[Haskell-cafe] Confusing type specialisation in ghci

Ryan Ingram ryani.spam at gmail.com
Mon Oct 8 13:40:50 EDT 2007


You can also remove the Monomorphism Restriction by adding an explicit
type signature:

Prelude> let sqlist :: Num a => [a] -> [a] ; sqlist = map sq
Prelude> :t sqlist
sqlist :: (Num a) => [a] -> [a]

Basically, there are three things that have to be the case for the MR
to kick in:
1) You are defining a function that takes no explicit arguments (or is
a pattern binding).
2) You didn't specify a type signature.
3) The inferred most-general-type of the function has typeclass constraints.

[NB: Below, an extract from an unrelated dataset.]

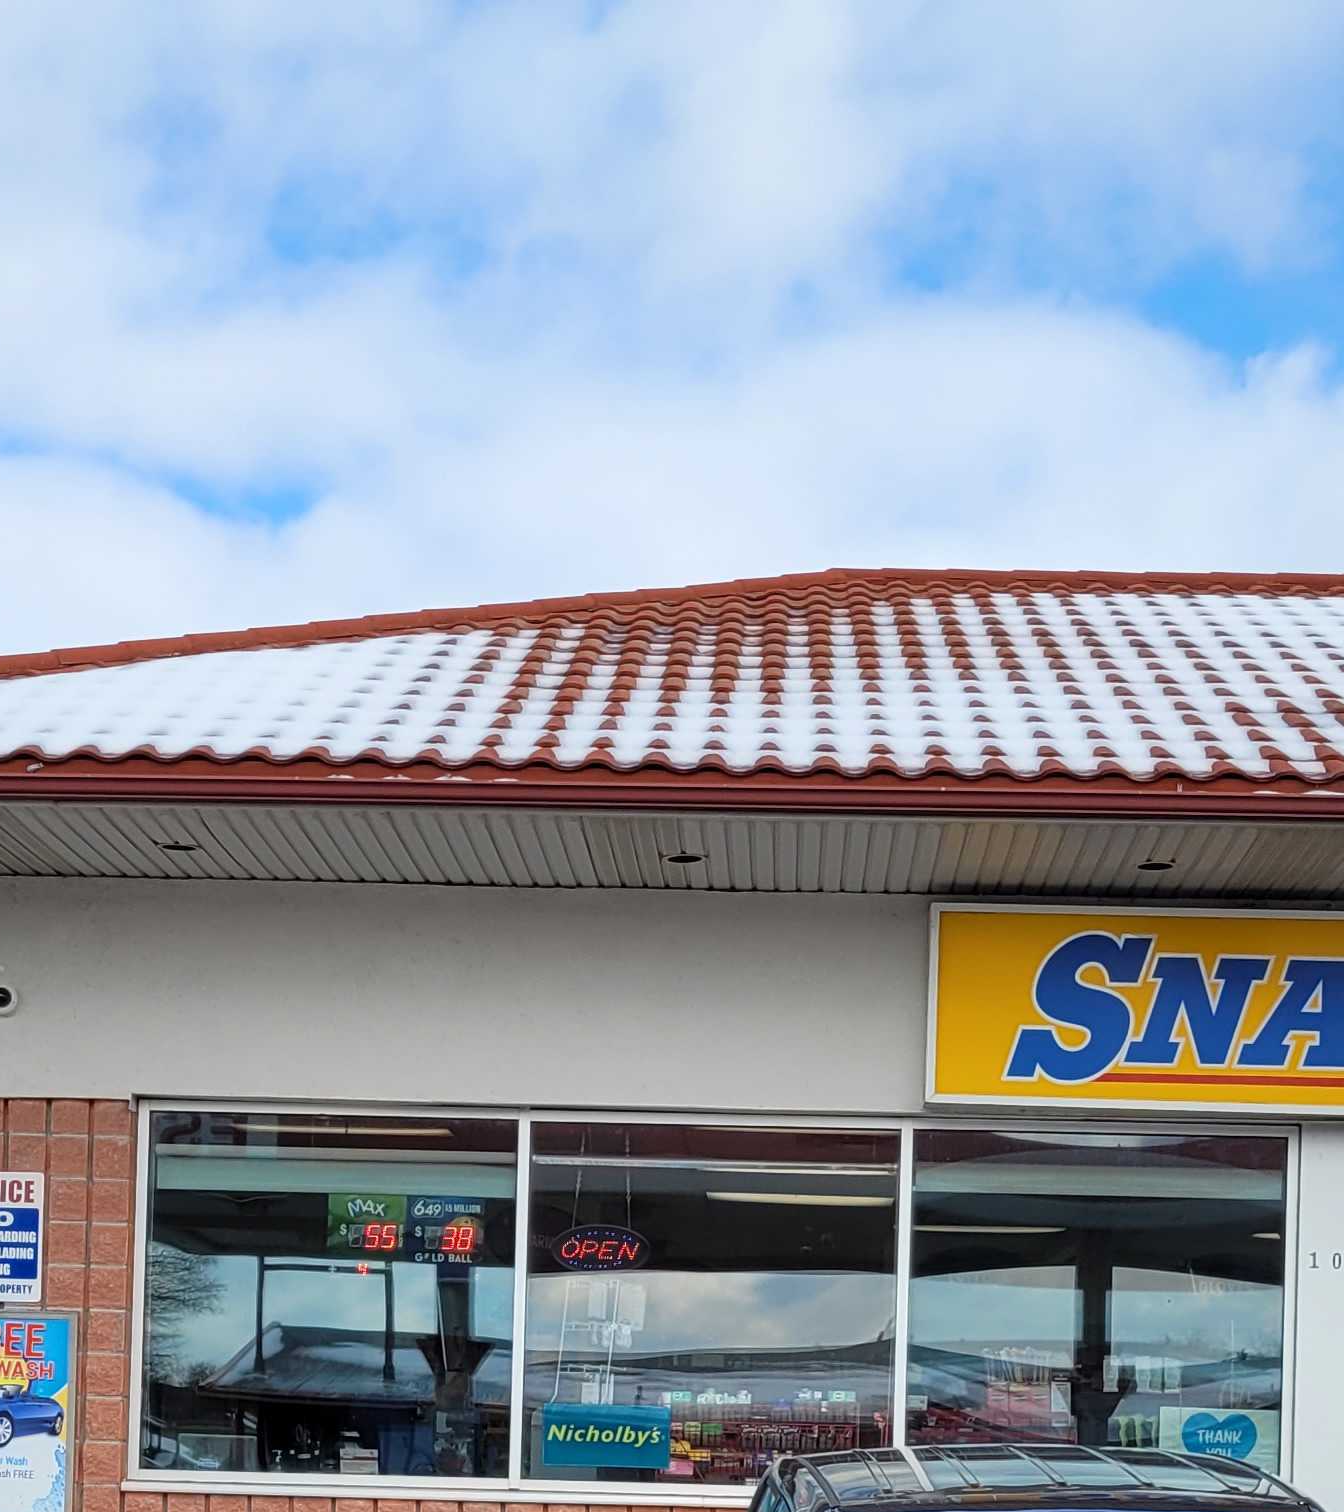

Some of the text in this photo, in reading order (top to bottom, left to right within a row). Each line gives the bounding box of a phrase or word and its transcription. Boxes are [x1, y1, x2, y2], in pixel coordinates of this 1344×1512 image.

The reason becomes clear when you consider the following:

genericLength :: Num n => [a] -> n -- from Data.List

f :: [a] -> (Integer, Integer)
f xs = (len, len) where len = genericLength xs
(this example taken from
http://www.haskell.org/haskellwiki/Monomorphism_restriction)

Without the monomorphism restriction, len :: Num n2 => n2.  This means
len can't be calculated until you know its final type; it's
effectively stopped being a shared constant and started being a
function.  This means that when evaluating the pair (len,len), the
length of the list may end up being calculated twice!

With the monomorphism restriction, len gets the type Integer, and can be shared.

For contrast, consider this function:
f2 :: [a] -> (Int, Integer)
f2 xs = (len, len) where
    len :: Num n => n
    len = genericLength xs

In this case, you have no choice but to call genericLength twice,
since the result has to be two different types.